Publicado el 15 de agosto de 2016 por Edu Robsy.

El Pez de Oro

Aleksandr Afanásiev


Cuento infantil


En una isla muy lejana, llamada isla Buián, había una cabaña pequeña y vieja que servía de albergue a un anciano y su mujer. Vivían en la mayor pobreza; todos sus bienes se reducían a la cabaña y a una red que el mismo marido había hecho, y con la que todos los días iba a pescar, como único medio de procurarse el sustento de ambos.

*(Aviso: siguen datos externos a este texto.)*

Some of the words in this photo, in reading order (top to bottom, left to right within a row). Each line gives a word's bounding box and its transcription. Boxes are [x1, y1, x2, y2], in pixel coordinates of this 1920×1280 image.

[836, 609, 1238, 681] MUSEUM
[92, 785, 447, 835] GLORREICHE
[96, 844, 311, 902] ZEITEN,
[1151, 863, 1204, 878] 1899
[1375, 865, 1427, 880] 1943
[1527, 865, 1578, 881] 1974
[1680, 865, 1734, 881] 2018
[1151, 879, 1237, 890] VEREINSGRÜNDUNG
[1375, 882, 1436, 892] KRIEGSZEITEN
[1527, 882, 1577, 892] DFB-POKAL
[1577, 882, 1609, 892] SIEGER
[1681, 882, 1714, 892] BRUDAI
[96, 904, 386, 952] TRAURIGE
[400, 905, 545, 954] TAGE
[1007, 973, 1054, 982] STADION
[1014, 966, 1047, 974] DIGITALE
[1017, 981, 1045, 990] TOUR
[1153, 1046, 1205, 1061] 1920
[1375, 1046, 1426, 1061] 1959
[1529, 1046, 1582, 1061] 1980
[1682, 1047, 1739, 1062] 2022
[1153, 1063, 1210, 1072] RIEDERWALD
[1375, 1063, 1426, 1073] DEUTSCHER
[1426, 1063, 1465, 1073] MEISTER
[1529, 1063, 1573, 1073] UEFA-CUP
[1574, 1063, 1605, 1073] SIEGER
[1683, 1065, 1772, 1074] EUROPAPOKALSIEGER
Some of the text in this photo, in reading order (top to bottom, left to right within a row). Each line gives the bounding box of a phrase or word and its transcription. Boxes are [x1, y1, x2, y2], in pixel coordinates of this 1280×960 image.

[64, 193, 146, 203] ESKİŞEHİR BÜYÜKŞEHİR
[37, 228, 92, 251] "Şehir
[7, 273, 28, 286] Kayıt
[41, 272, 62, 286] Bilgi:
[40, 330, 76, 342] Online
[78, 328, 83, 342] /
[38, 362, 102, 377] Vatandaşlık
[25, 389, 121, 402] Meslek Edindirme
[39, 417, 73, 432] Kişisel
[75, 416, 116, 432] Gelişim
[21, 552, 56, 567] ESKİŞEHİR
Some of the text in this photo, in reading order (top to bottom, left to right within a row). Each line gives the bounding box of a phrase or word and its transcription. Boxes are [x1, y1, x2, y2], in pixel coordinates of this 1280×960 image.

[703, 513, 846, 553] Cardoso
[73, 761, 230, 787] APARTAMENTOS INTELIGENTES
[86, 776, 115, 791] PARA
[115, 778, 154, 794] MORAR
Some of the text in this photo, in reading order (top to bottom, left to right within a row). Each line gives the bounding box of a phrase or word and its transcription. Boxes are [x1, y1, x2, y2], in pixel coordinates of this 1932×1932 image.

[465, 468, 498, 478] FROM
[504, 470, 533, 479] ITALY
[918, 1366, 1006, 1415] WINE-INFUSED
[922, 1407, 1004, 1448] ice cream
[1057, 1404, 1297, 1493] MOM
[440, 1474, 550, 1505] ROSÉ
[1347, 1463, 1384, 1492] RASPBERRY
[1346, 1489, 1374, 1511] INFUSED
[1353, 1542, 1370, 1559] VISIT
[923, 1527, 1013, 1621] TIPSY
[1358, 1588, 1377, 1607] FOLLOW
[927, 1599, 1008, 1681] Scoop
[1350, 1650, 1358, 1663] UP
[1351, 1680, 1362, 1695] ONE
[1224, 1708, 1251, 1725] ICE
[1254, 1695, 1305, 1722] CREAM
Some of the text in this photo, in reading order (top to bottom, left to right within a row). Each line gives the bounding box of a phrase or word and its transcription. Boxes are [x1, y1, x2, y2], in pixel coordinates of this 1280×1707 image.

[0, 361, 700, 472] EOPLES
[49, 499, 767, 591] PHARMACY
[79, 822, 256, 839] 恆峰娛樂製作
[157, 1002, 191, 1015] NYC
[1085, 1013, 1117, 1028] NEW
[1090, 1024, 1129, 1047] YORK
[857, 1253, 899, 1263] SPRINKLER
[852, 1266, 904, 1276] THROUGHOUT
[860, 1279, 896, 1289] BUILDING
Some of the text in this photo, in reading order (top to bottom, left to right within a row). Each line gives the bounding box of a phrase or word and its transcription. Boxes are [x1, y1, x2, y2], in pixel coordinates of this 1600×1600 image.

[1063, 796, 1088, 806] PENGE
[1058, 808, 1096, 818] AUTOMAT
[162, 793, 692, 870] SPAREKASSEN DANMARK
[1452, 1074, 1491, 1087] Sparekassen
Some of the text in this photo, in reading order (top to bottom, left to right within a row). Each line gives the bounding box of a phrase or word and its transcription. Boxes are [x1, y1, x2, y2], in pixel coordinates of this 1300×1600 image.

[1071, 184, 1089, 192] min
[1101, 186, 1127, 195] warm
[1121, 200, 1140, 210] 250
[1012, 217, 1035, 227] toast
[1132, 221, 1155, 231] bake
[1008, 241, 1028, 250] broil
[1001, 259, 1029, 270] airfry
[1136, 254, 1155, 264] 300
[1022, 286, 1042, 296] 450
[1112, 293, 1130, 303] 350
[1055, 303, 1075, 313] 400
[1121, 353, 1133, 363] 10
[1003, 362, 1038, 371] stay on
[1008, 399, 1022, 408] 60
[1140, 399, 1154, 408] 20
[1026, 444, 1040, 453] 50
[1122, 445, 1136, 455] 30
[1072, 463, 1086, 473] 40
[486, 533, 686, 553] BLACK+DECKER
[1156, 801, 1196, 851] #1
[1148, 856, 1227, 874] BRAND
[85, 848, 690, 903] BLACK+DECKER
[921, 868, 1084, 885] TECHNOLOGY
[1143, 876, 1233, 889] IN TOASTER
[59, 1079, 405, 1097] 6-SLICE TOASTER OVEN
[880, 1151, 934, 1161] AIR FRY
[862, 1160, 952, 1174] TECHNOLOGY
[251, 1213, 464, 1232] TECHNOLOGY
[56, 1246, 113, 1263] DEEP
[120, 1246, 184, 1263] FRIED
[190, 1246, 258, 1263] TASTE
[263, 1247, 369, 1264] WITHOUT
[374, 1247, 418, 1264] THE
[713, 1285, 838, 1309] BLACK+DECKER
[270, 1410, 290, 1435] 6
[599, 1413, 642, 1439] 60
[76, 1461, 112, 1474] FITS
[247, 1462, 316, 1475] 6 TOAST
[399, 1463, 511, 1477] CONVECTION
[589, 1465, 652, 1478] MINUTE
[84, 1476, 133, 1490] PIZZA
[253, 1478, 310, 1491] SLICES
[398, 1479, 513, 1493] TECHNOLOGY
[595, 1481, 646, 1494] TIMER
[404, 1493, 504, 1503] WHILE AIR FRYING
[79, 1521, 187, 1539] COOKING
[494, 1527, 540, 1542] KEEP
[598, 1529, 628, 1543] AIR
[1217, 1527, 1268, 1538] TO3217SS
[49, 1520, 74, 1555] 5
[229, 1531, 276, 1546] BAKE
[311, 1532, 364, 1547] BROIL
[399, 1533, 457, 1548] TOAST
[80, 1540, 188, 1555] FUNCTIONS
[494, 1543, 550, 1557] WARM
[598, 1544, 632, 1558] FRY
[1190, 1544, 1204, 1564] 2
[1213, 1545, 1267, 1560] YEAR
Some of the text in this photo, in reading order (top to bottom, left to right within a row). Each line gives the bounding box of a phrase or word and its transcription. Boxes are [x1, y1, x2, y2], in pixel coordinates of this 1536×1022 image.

Un día echó su red en el mar, empezó a tirar de ella y le pareció que pesaba extraordinariamente. Esperando una buena pesca se puso muy contento; pero cuando logró recoger la red vio que estaba vacía; tan sólo a fuerza de registrar bien encontró un pequeño pez. Al tratar de cogerlo quedó asombrado al ver que era un pez de oro; su asombro creció de punto al oír que el Pez, con voz humana, le suplicaba:

—No me cojas, abuelito; déjame nadar libremente en el mar y te podré ser útil dándote todo lo que pidas.

El anciano meditó un rato y le contestó:

—No necesito nada de ti; vive en paz en el mar. ¡Anda!

Y al decir esto echó el pez de oro al agua.

Al volver a la cabaña, su mujer, que era muy ambiciosa y soberbia, le preguntó:

—¿Qué tal ha sido la pesca?

—Mala, mujer —contestó, quitándole importancia a lo ocurrido—; sólo pude coger un pez de oro, tan pequeño que, al oír sus súplicas para que lo soltase, me dio lástima y lo dejé en libertad a cambio de la promesa de que me daría lo que le pidiese.

—¡Oh viejo tonto! Has tenido entre tus manos una gran fortuna y no supiste conservarla.

Y se enfadó la mujer de tal modo que durante todo el día estuvo riñendo a su marido, no dejándolo en paz ni un solo instante.

—Si al menos, ya que no pescaste nada, le hubieses pedido un poco de pan, tendrías algo que comer; pero ¿qué comerás ahora si no hay en casa ni una migaja?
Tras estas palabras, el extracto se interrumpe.